O neopopulismo tornou-se um ingrediente corrosivo da
democracia. Governantes e partidos políticos não souberam entender, assim como
dar uma resposta apropriada e tempestiva aos profundos deslocamentos provocados
pela globalização. Sem ter a quem recorrer, a população buscou em líderes
populistas as respostas simples, por vezes falsas, para problemas complexos,
mediante uma comunicação com as mídias sociais. Mas, se é possível eleger-se
por meios digitais, é impossível governar sem os partidos políticos, sem a
conciliação de interesses e articulação política que lhes são próprias.
As transformações proporcionadas pela globalização
trouxeram, é verdade, progresso e prosperidade. Mas acentuaram a distância
entre segmentos sociais, assim como entre nações ricas e pobres. A crise do
coronavírus explicitou a correlação entre pobreza e contágio. Nos Estados
Unidos, o salário real das classes médias manteve-se estagnado desde a década
de 1970. As pesquisas de Thomas Piketty, nos arquivos fiscais na França,
revelaram que a desigualdade ao início do século atual é comparável à que
existia em princípio do século 19. Ou seja, em mais de dois séculos não se
havia alterado a distribuição da riqueza entre os mais pobres e os mais ricos.
O presidente Emmanuel Macron, em entrevista recente ao
Financial Times, distinguiu, na nova ordem em gestação, duas esferas distintas.
Uma é a da articulação entre os Estados em temas interdependentes, como saúde,
educação, mudanças climáticas, segurança, que chamou de bens comuns da
humanidade. Esses temas serão objeto da cooperação entre os Estados, no âmbito
de um sistema multilateral revitalizado. A outra esfera se refere ao exercício
da soberania e reflete a volta do Estado nacional e da geopolítica, assim como
à disputa hegemônica, em vários campos, entre Estados Unidos e China. Por isso
defende o fortalecimento da soberania europeia, especialmente em agricultura,
em indústria de ponta e tecnologia.
Por fim, como uma nota positiva, a nova agenda poderá trazer
de volta a solidariedade para com o sofrimento e o desemprego, agravados pela
pandemia. É crucial que a generosidade seja canalizada para efetivos programas
sociais, e não se esgote em compaixão e filantropia apenas.

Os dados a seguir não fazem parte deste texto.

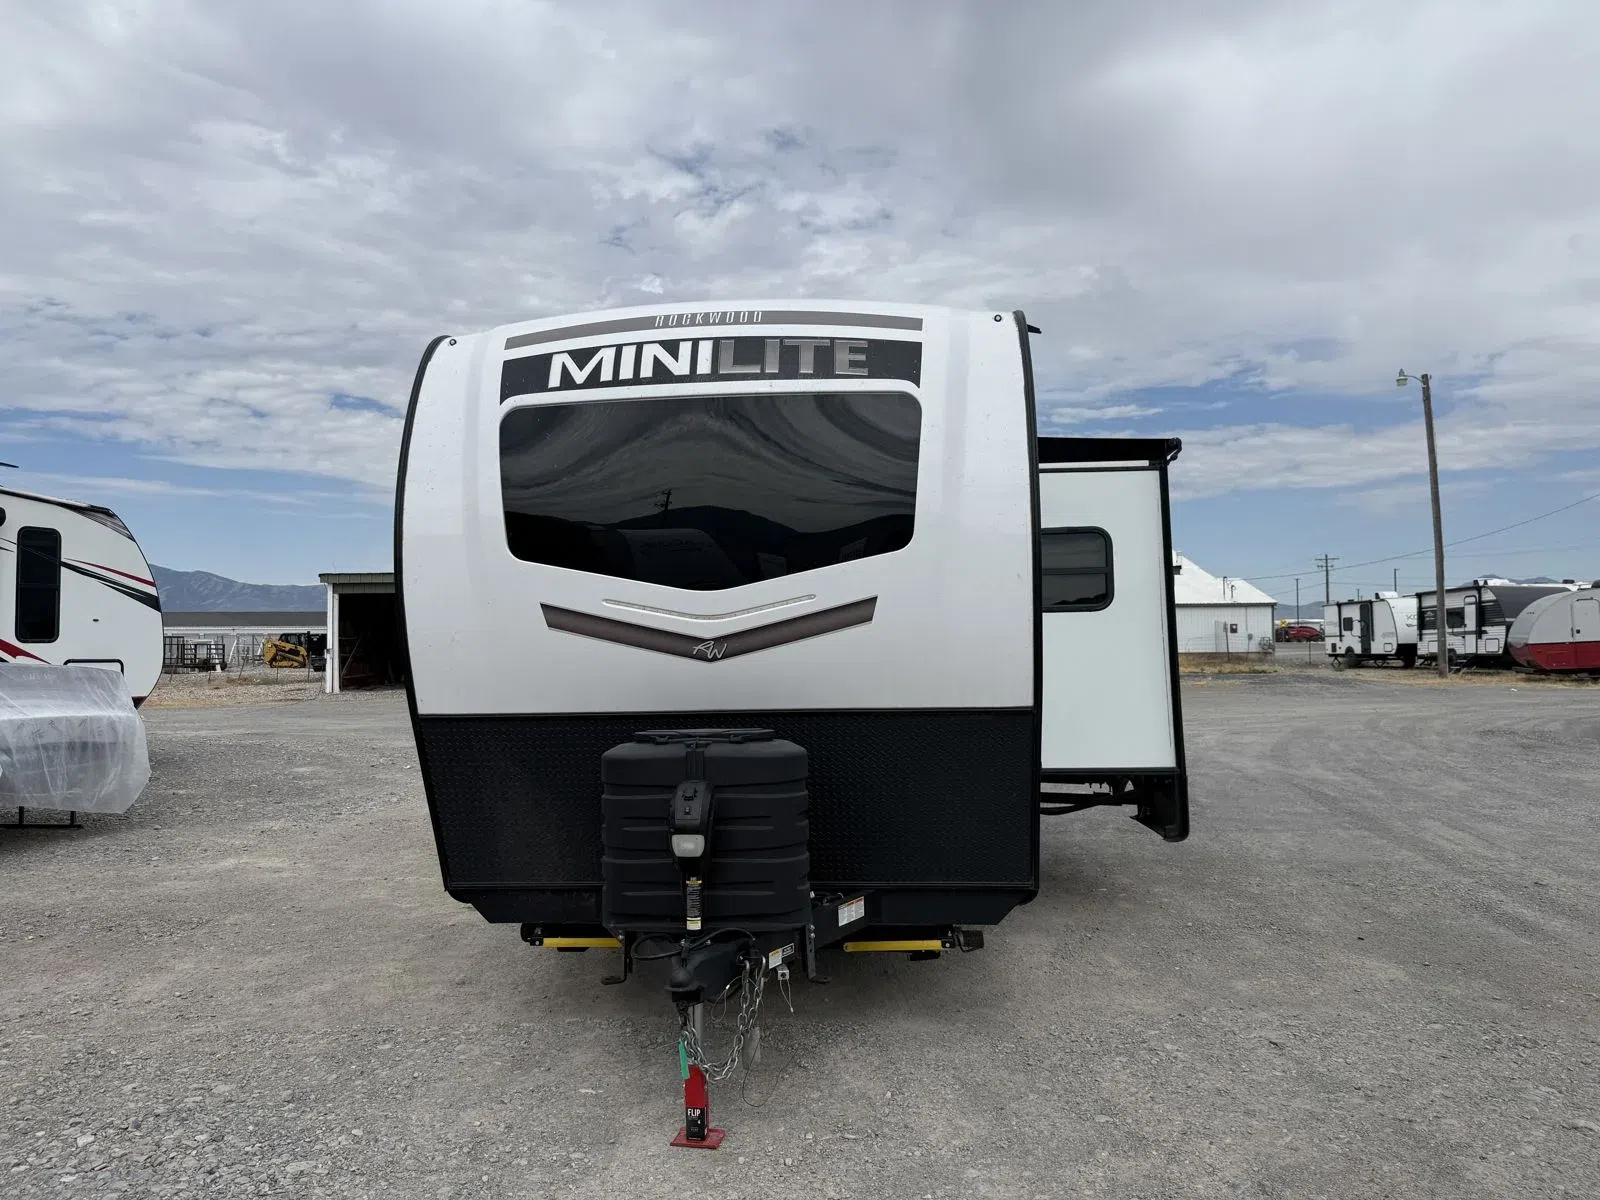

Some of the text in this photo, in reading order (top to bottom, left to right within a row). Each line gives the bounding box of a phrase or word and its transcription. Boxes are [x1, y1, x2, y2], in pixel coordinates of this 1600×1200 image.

[655, 311, 762, 327] ROCKWOOD
[693, 640, 727, 659] RW
[687, 1108, 701, 1117] FLIP

Resta uma pergunta central: como tais demandas ou
aspirações, algumas ainda embrionárias, poderão plasmar a reorganização do
mundo pós-covid-19?
Os olhos voltam-se naturalmente para as Nações Unidas. As
circunstâncias, entretanto, não são propícias para replicar a experiência de
êxito da ONU. Não existe uma coalização de países, como a que se formou após a
2.ª Guerra Mundial, sob a liderança de Washington. Tampouco existe uma visão de
mundo compartilhada, nem mesmo para a reforma do sistema atual.
Ao contrário, as duas grandes potências parecem movidas por
um disputa hegemônica em torno de dois propósitos, por enquanto
irreconciliáveis : a China busca o reconhecimento de sua emergência econômica e
tecnológica; os Estados Unidos, pelo menos sob Donald Trump, mostram-se
determinados a conter essa emergência.
O novo momento sinaliza, assim, uma tensão entre uma
cooperação multilateral voltada para temas de interesse comum e interdependente
e o eixo bilateral da disputa de poder entre as duas grandes potencias. A
questão está em saber em que medida o eixo hegemônico bilateral abrirá espaço
para a consolidação da cooperação multilateral.